Le principal problème de la nouvelle vague japonaise est son manque de manifeste officiel. Si tous les cinéastes (en tout cas les plus importants) se sont plus ou moins rencontrés, il est difficile de véritablement les unir sous une même bannière. Depuis longtemps, les critiques nippons appelaient à un nouveau mouvement (atarashii chôryû nami, ce qui signifie nouvelle vague) mais tous ces grands réalisateurs sont plus ou moins partis en ordre de combat dispersé, la cause à un système de majors et de contrats ne laissant que peu de marge de manœuvre aux auteurs pour se regrouper.
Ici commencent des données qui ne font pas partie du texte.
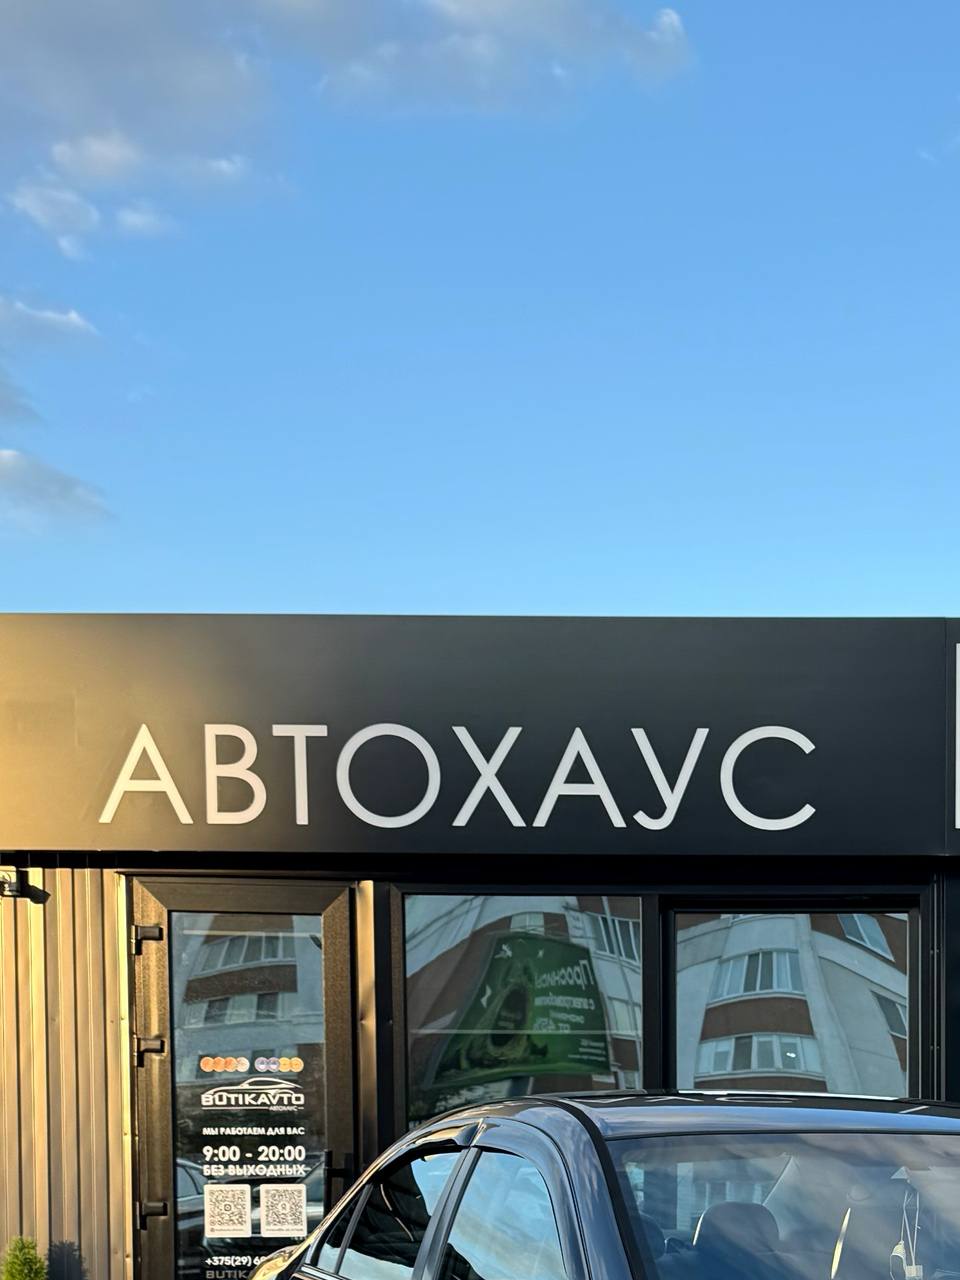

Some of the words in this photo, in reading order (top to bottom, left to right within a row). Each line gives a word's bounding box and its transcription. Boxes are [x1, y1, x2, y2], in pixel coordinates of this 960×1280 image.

[98, 722, 817, 830] АВТОХАУС
[201, 1093, 305, 1106] BUTIKAVTO
[202, 1127, 218, 1136] МЫ
[220, 1127, 266, 1136] РАБОТАЕМ
[267, 1127, 286, 1136] ДЛЯ
[287, 1127, 305, 1135] ВАС
[202, 1145, 241, 1162] 9:00
[257, 1145, 306, 1162] 20:00
[202, 1164, 225, 1177] БЕЗ
[228, 1163, 306, 1177] ВЫХОДНЫХ
[205, 1256, 252, 1267] +375(29)
[205, 1270, 248, 1279] BUTIK
On compte aujourd’hui quatre mico-mouvements distincts composant ce que l’on nomme la nouvelle vague japonaise. Le premier, et le plus ancien, se nomme le Taiyozoku qui signifie tribu du soleil. Né au milieu des années 1950, il est emmené par les réalisateurs Kô Nakahira et Takumi Furukawa, et par l’acteur Yujiro Ishihara, le Taiyozoku a pour particularité de n’adapter que les romans de Shintaro Ishihara, le père de Yujiro. Ce micro-mouvement est souvent laissez de côté par les historiens du cinéma, et pour cause, la volonté première du Taiyozoku était purement économique et non artistique et était avant toute chose l’œuvre des majors que sont la Nikkatsu et la Daeï souhaitant conquérir le marché des jeunes d’après-guerre. Il est cependant indéniable que les œuvres et auteurs attachés ont influencés, voir même guidé les grands auteurs de la nouvelle vague japonaise que seront Oshima, Imamura ou Wakamatsu pour ne citer qu’eux. L’influence du Taiyozoku ne se limite pas aux seules frontières du cinéma nippon puis-ce que le film Passion Juvénile (1956) de Kô Nakahira, influencera grandement François Truffaut et la nouvelle vague française qui couve depuis déjà quelques années.
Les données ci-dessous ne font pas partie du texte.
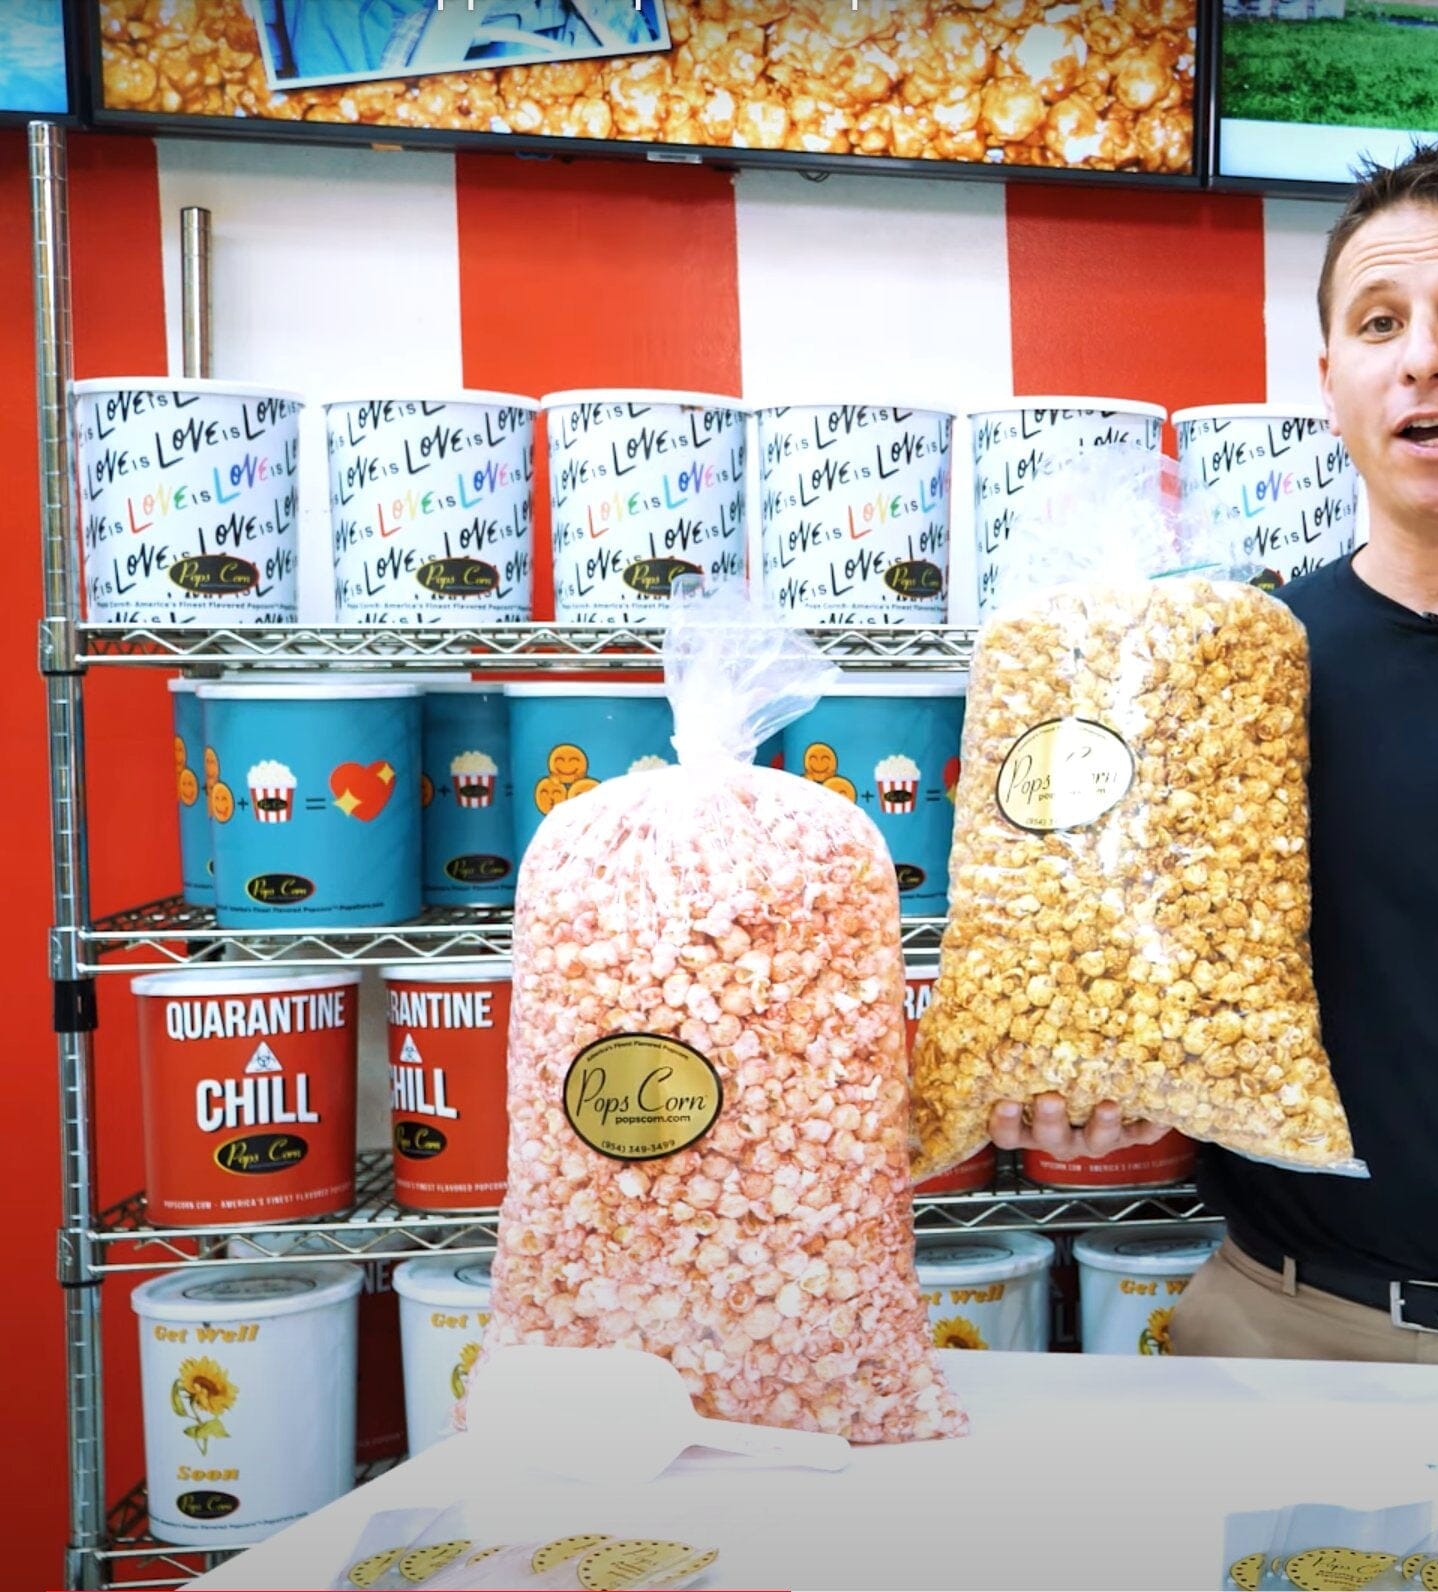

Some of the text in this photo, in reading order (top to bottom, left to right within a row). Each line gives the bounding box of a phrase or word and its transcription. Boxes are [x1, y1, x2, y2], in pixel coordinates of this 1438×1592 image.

[1006, 754, 1050, 805] Pops
[166, 991, 346, 1041] QUARANTINE
[389, 991, 494, 1029] RANTINE
[196, 1072, 319, 1133] CHILL
[391, 1067, 459, 1119] HILL
[576, 1067, 629, 1126] Pops
[615, 1114, 691, 1125] popscorn.com
[950, 1284, 1007, 1305] Well
[1119, 1278, 1157, 1297] Get
[154, 1323, 260, 1344] Get Well
[431, 1312, 468, 1329] Get
[176, 1465, 240, 1482] Soon
C’est cependant au tout début des années 1960 que la nouvelle vague japonaise prend un essor considérable grâce à l’émergence de trois micro-mouvements que sont le collectif VAN, les Shichinin, et les modernistes. Le collectif VAN n’était composé que de deux personnalités officielles, les réalisateurs Masao Adachi et Koji Wakamatsu. Auteurs de presque cent films à eux seul, VAN se concentre principalement sur le scandale, sur ce qui peut ou doit créer de la division au sein d’un débat sociétal. Sexe, violence, politique anarchiste assumé, le collectif se distingue aussi par une déstructuration de la narration et des principes académiques liés au cinéma ce qui a fortement contribué à développer l’expérimental japonais.
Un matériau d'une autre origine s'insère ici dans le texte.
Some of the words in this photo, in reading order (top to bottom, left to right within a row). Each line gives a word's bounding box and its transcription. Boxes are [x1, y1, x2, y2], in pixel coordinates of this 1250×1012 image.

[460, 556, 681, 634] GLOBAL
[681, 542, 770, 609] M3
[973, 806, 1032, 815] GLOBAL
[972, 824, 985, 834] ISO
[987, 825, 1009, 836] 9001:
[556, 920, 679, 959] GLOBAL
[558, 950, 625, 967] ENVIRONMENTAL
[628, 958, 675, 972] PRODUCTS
Les Shichinin ou nouvelle vague Shôchiku par rapport au studio qui les unissait originellement, est surement le micro-mouvement le plus connu. En effet, lorsque nous abordons la nouvelle vague japonaise en profane, il est fréquent de citer en premier lieu Oshima, Shinoda et Yoshida, bien souvent à raison. Les œuvres qui composent la filmographie des Shichinin sont bien souvent plus grand public, plus accessibles. La politique est un facteur important du processus de création du groupe, mais ce qui fait véritablement son ADN est le suivit quasi-biblique des préceptes philosophiques et cinématographiques de Masakazu Nakai, équivalent de André Bazin chez nous. Nakai imagine ce que les réalisateurs nomment le Shutaisei ou l’art de remettre le scénario au centre de l’image. On imagine donc le récit comme un élément à part entière de l’image. Il remet en cause une hiérarchie dépassée, selon laquelle l’image n’est qu’un outil de fabrication de l’histoire. Le personnage, sa psychologie, doivent faire partie intégrante de la réflexion du récit cinématographique. L’image et le récit doivent redevenir équitables, l’un ne doit pas exister sans l’autre. Ainsi, la caméra devient écran et acteur majeur du récit et de son déroulement. Elle ne diffuse pas l’action, elle la vit. La caméra devient donc subjective et non plus objective, elle n’est plus spectatrice, mais créatrice.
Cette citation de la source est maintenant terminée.